Through to the final line, write out the records below exactly, omitting any images they contain.

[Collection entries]
━━━━━━━━━━

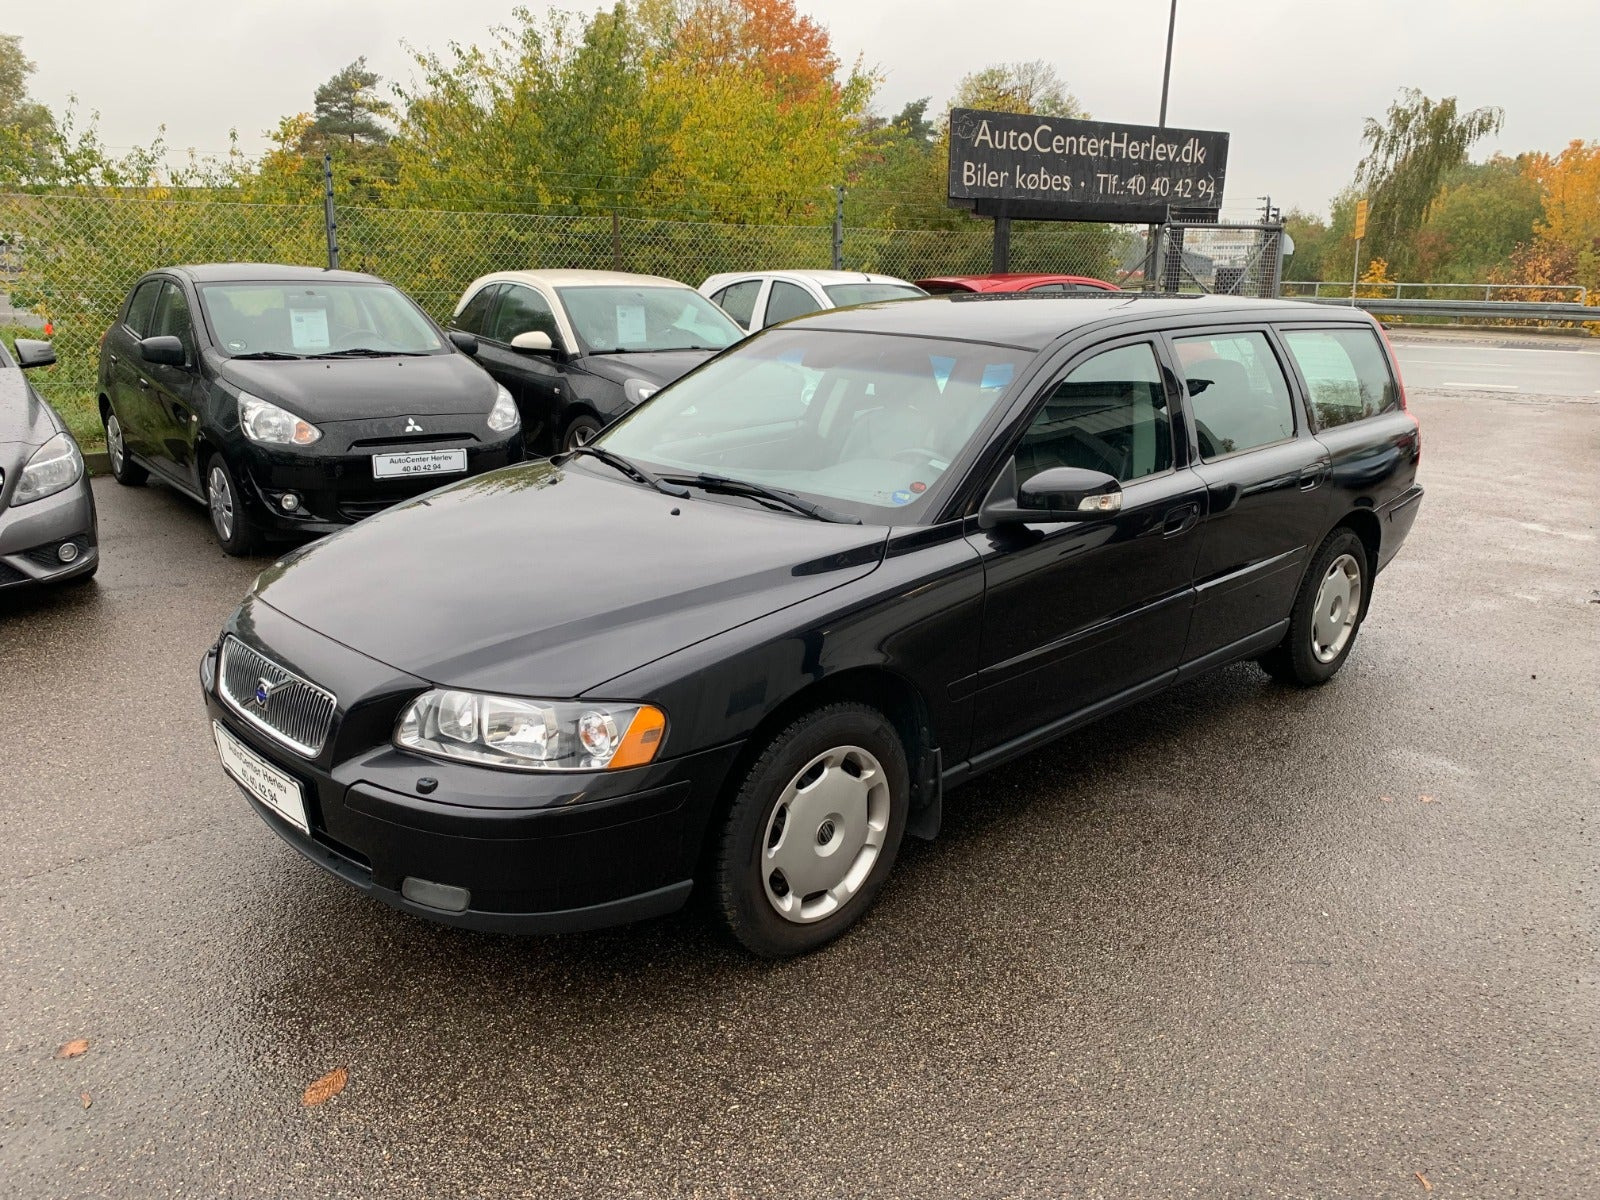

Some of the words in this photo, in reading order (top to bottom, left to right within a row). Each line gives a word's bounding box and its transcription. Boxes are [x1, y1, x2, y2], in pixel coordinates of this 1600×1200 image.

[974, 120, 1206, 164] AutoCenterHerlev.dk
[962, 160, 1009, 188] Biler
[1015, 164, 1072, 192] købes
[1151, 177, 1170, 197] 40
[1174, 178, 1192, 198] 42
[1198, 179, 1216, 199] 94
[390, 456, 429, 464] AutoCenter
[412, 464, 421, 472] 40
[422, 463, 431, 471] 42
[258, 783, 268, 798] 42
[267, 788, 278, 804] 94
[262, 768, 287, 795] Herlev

━━━━━━━━━━

- ANSWER SECTION -
Some of the words in this photo, in reading order (top to bottom, left to right within a row). Each line gives a word's bounding box and its transcription. Boxes are [x1, y1, x2, y2], in pixel coordinates of this 1600×1200 image.

[974, 120, 1206, 164] AutoCenterHerlev.dk
[962, 160, 1009, 188] Biler
[1015, 164, 1072, 192] købes
[1151, 177, 1170, 197] 40
[1174, 178, 1192, 198] 42
[1198, 179, 1216, 199] 94
[390, 456, 429, 464] AutoCenter
[412, 464, 421, 472] 40
[422, 463, 431, 471] 42
[258, 783, 268, 798] 42
[267, 788, 278, 804] 94
[262, 768, 287, 795] Herlev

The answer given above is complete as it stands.